:: EXERCISE MATERIALS

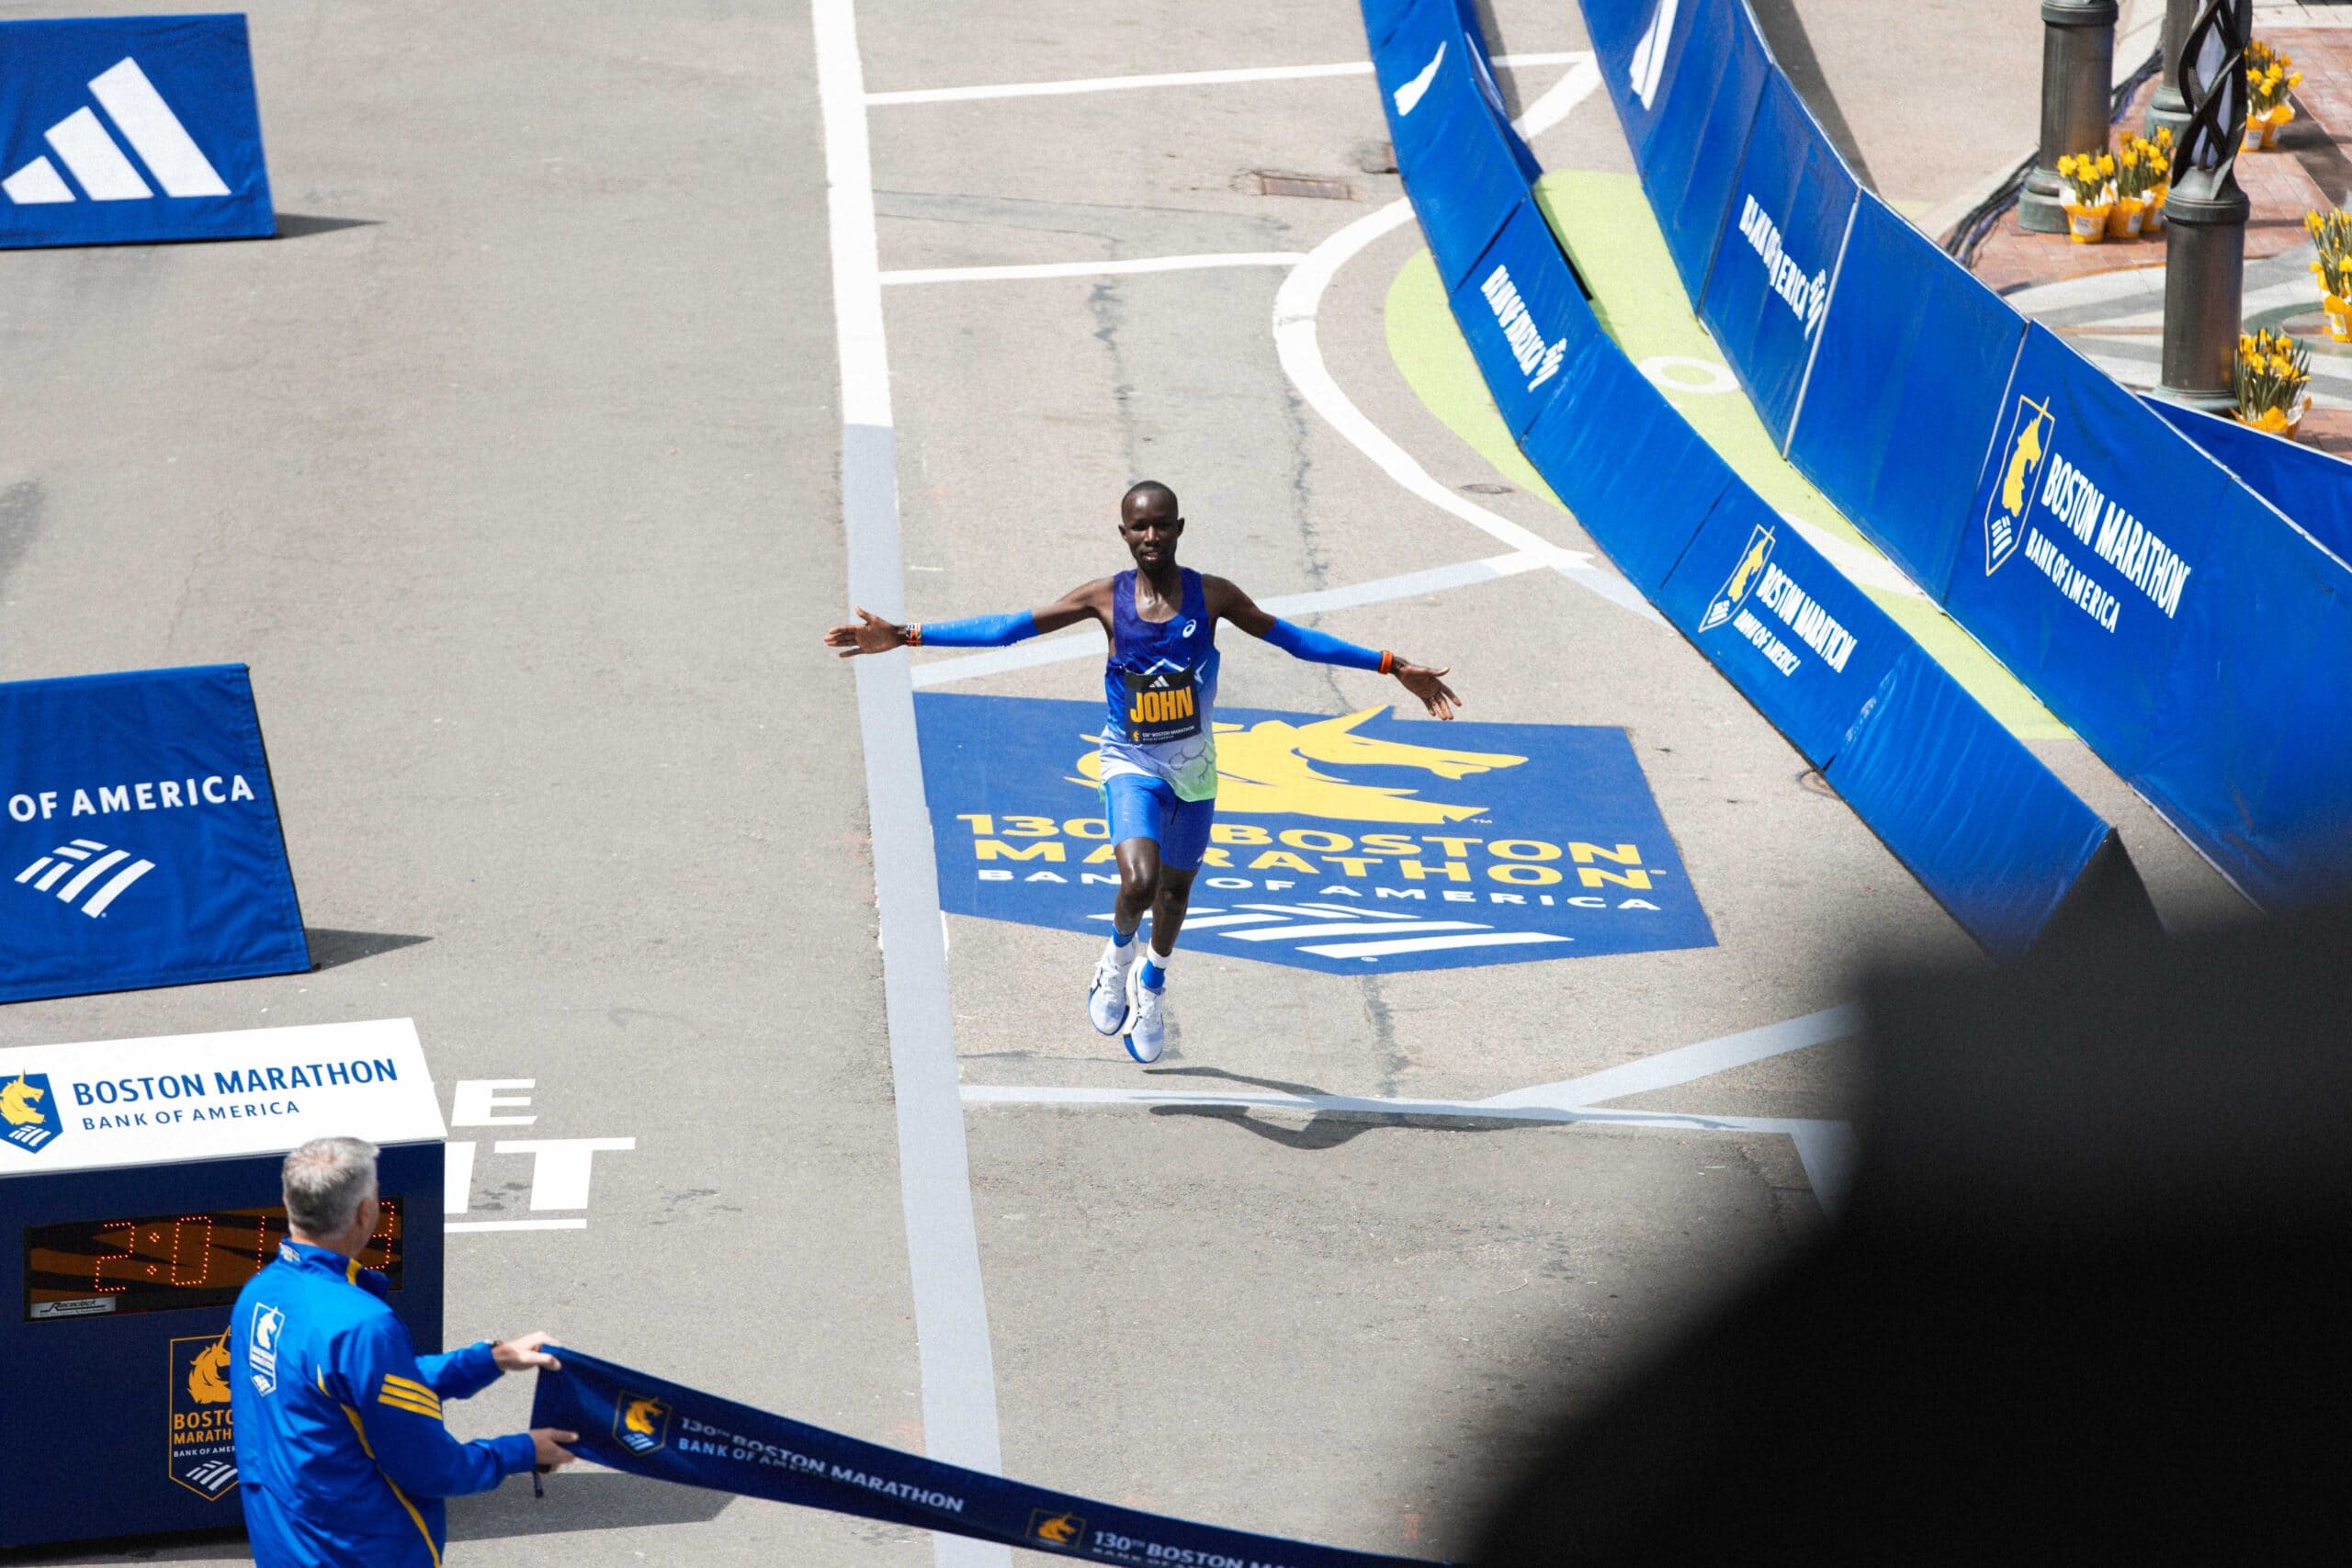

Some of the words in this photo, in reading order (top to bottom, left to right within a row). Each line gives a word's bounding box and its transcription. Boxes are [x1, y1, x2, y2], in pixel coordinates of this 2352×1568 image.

[2024, 527, 2059, 577] BANK
[2041, 452, 2106, 547] BOSTON
[2094, 501, 2190, 619] MARATHON
[2052, 553, 2071, 588] OF
[1756, 561, 1806, 626] BOSTON
[1792, 595, 1858, 673] MARATHON
[2061, 565, 2121, 634] AMERICA
[1129, 685, 1194, 724] JOHN
[8, 794, 58, 822] OF
[71, 774, 255, 817] AMERICA
[1209, 823, 1643, 865] BOSTON
[978, 869, 1122, 885] BAN
[1205, 877, 1296, 891] OF
[1319, 885, 1662, 911] AMERICA
[73, 1073, 206, 1106] BOSTON
[215, 1057, 398, 1095] MARATHON
[82, 1112, 148, 1131] BANK
[155, 1110, 184, 1126] OF
[192, 1100, 300, 1122] AMERICA
[174, 1409, 233, 1430] BOSTO
[174, 1428, 232, 1445] MARATH
[173, 1449, 198, 1458] BANK
[198, 1448, 212, 1456] OF
[212, 1446, 235, 1454] AMER
[678, 1438, 727, 1458] BANK
[731, 1447, 756, 1462] OF
[732, 1434, 826, 1472] BOSTON
[830, 1465, 965, 1513] MARATHON
[1147, 1543, 1244, 1568] BOSTON
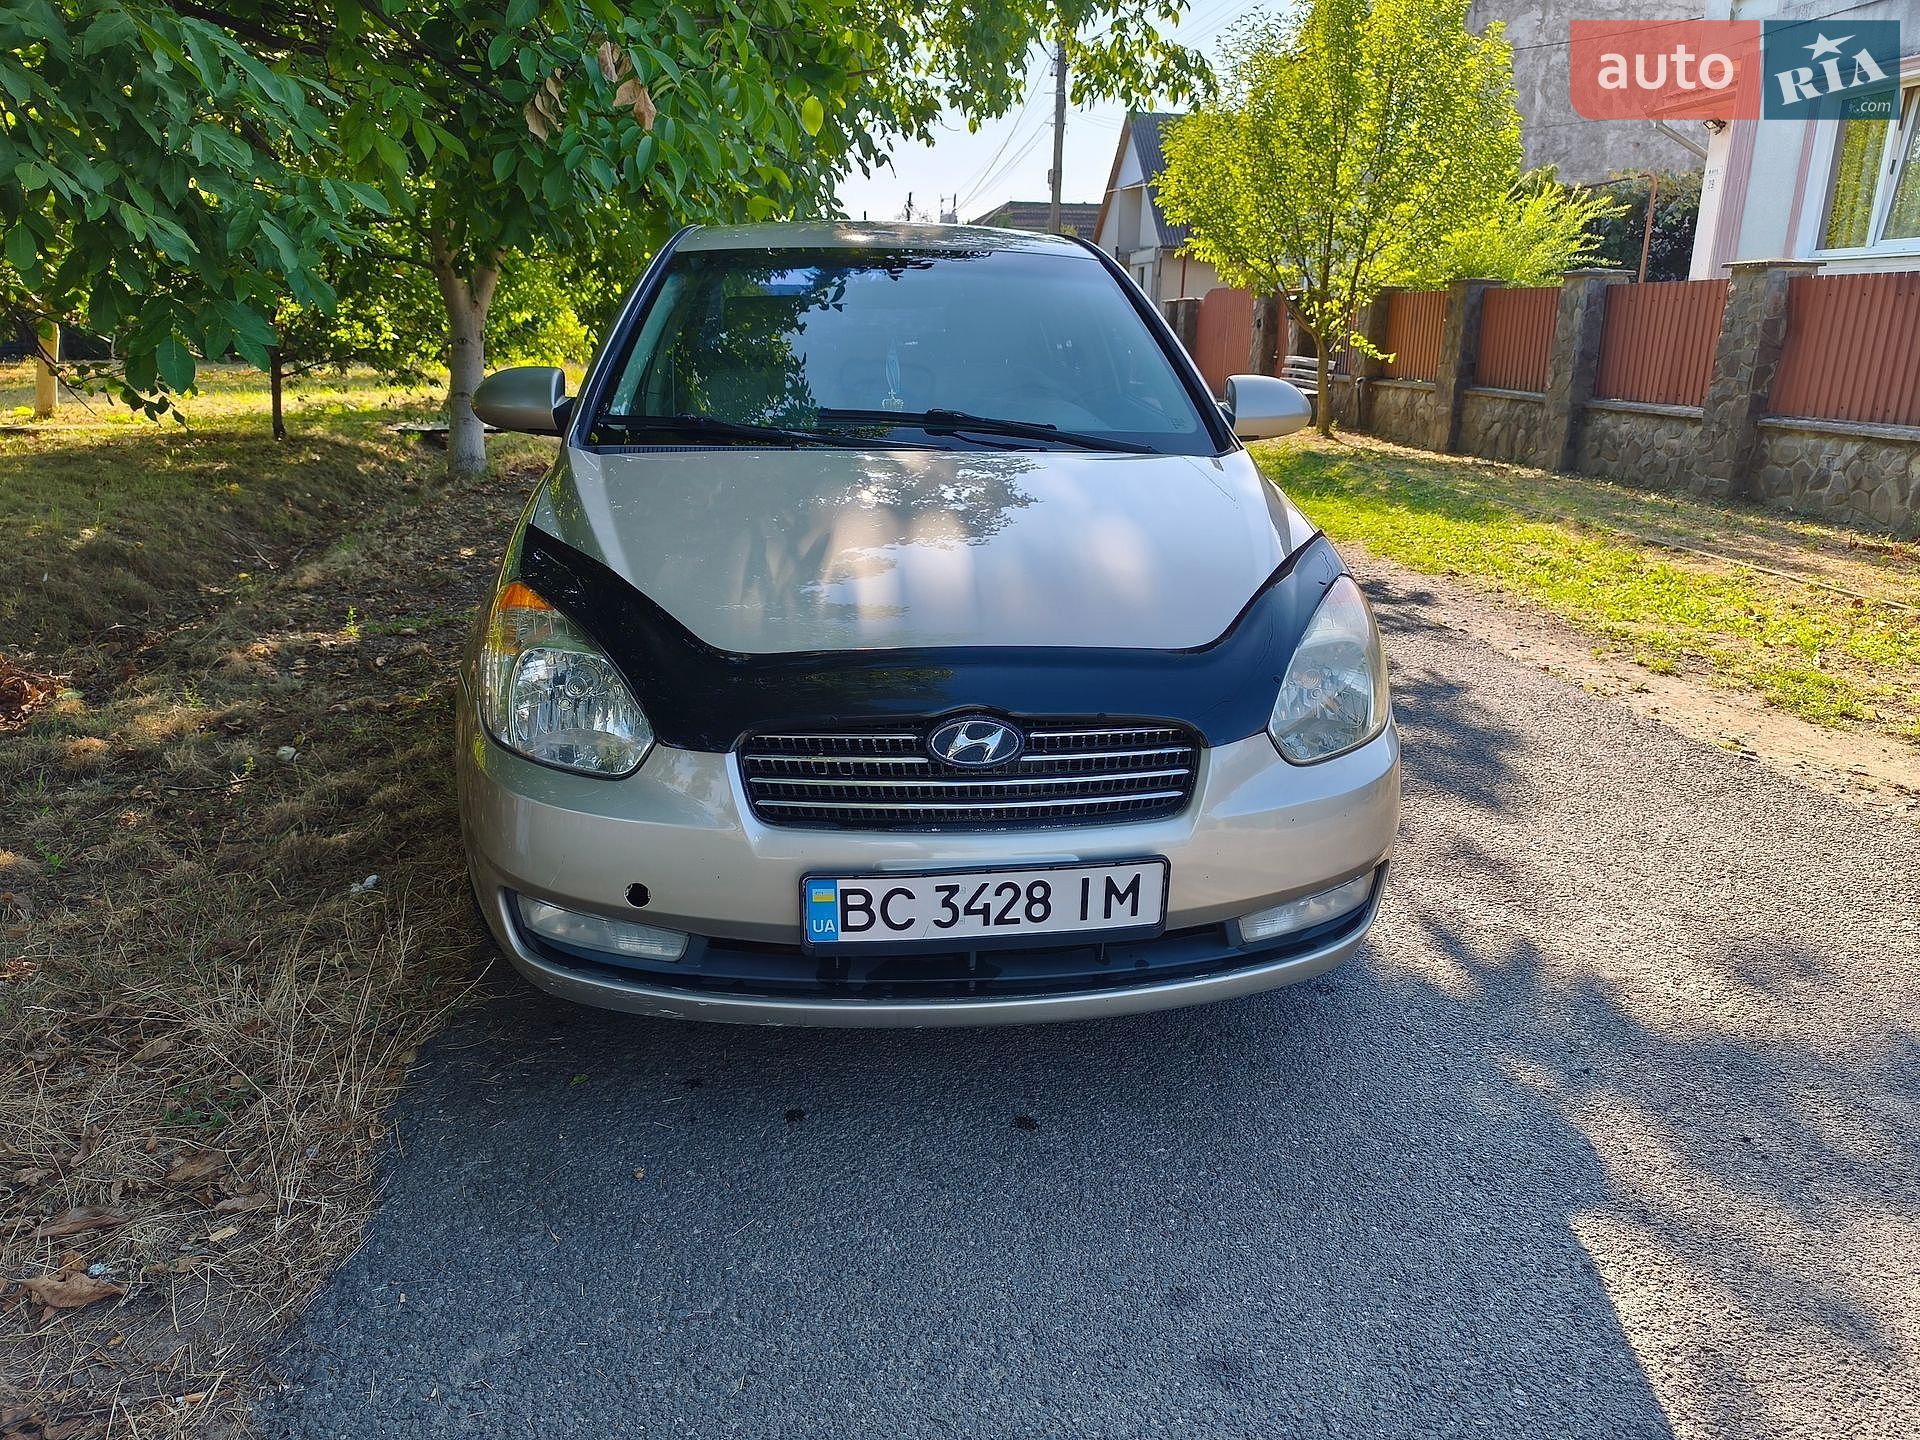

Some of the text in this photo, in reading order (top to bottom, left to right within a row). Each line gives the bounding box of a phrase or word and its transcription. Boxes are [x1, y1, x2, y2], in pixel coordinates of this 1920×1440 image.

[839, 873, 1142, 933] BC 3428 IM
[812, 918, 836, 933] UA

::::

Please repeat the records above exactly, leaving every picture out.

Some of the words in this photo, in reading order (top to bottom, left to right within a row). Each line gives a word's bounding box and its transcription. Boxes are [x1, y1, x2, y2], in pixel coordinates of this 2352×1568 image.

[2024, 527, 2059, 577] BANK
[2041, 452, 2106, 547] BOSTON
[2094, 501, 2190, 619] MARATHON
[2052, 553, 2071, 588] OF
[1756, 561, 1806, 626] BOSTON
[1792, 595, 1858, 673] MARATHON
[2061, 565, 2121, 634] AMERICA
[1129, 685, 1194, 724] JOHN
[8, 794, 58, 822] OF
[71, 774, 255, 817] AMERICA
[1209, 823, 1643, 865] BOSTON
[978, 869, 1122, 885] BAN
[1205, 877, 1296, 891] OF
[1319, 885, 1662, 911] AMERICA
[73, 1073, 206, 1106] BOSTON
[215, 1057, 398, 1095] MARATHON
[82, 1112, 148, 1131] BANK
[155, 1110, 184, 1126] OF
[192, 1100, 300, 1122] AMERICA
[174, 1409, 233, 1430] BOSTO
[174, 1428, 232, 1445] MARATH
[173, 1449, 198, 1458] BANK
[198, 1448, 212, 1456] OF
[212, 1446, 235, 1454] AMER
[678, 1438, 727, 1458] BANK
[731, 1447, 756, 1462] OF
[732, 1434, 826, 1472] BOSTON
[830, 1465, 965, 1513] MARATHON
[1147, 1543, 1244, 1568] BOSTON

Some of the text in this photo, in reading order (top to bottom, left to right within a row). Each line gives the bounding box of a phrase or word and its transcription. Boxes are [x1, y1, x2, y2], in pixel coordinates of this 1920×1440 image.

[839, 873, 1142, 933] BC 3428 IM
[812, 918, 836, 933] UA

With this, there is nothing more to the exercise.